Exercise instructions >> Give the data again in full, exactly as written below.

Records for the task >>
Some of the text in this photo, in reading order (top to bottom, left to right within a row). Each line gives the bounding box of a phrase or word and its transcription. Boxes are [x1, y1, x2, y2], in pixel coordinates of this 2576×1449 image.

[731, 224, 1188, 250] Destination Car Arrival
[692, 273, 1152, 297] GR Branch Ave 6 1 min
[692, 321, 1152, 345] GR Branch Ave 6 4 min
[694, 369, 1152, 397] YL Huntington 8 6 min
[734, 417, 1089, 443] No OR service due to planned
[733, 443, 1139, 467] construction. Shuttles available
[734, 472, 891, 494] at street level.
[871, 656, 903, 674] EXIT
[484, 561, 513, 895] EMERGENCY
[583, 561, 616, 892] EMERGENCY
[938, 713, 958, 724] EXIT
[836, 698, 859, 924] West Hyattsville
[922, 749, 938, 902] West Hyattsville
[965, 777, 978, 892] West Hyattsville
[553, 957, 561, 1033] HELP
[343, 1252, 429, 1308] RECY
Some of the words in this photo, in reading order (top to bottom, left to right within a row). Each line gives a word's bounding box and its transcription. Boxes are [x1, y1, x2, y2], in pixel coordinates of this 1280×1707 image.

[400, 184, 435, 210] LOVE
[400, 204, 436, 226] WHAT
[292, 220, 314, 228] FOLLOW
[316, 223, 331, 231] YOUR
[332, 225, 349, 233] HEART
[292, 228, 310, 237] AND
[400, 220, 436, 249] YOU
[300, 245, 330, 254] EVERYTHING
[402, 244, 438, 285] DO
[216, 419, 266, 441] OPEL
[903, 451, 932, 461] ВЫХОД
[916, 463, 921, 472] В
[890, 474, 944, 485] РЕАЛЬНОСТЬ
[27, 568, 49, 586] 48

Task result >>
Some of the text in this photo, in reading order (top to bottom, left to right within a row). Each line gives the bounding box of a phrase or word and its transcription. Boxes are [x1, y1, x2, y2], in pixel coordinates of this 2576×1449 image.

[731, 224, 1188, 250] Destination Car Arrival
[692, 273, 1152, 297] GR Branch Ave 6 1 min
[692, 321, 1152, 345] GR Branch Ave 6 4 min
[694, 369, 1152, 397] YL Huntington 8 6 min
[734, 417, 1089, 443] No OR service due to planned
[733, 443, 1139, 467] construction. Shuttles available
[734, 472, 891, 494] at street level.
[871, 656, 903, 674] EXIT
[484, 561, 513, 895] EMERGENCY
[583, 561, 616, 892] EMERGENCY
[938, 713, 958, 724] EXIT
[836, 698, 859, 924] West Hyattsville
[922, 749, 938, 902] West Hyattsville
[965, 777, 978, 892] West Hyattsville
[553, 957, 561, 1033] HELP
[343, 1252, 429, 1308] RECY
Some of the words in this photo, in reading order (top to bottom, left to right within a row). Each line gives a word's bounding box and its transcription. Boxes are [x1, y1, x2, y2], in pixel coordinates of this 1280×1707 image.

[400, 184, 435, 210] LOVE
[400, 204, 436, 226] WHAT
[292, 220, 314, 228] FOLLOW
[316, 223, 331, 231] YOUR
[332, 225, 349, 233] HEART
[292, 228, 310, 237] AND
[400, 220, 436, 249] YOU
[300, 245, 330, 254] EVERYTHING
[402, 244, 438, 285] DO
[216, 419, 266, 441] OPEL
[903, 451, 932, 461] ВЫХОД
[916, 463, 921, 472] В
[890, 474, 944, 485] РЕАЛЬНОСТЬ
[27, 568, 49, 586] 48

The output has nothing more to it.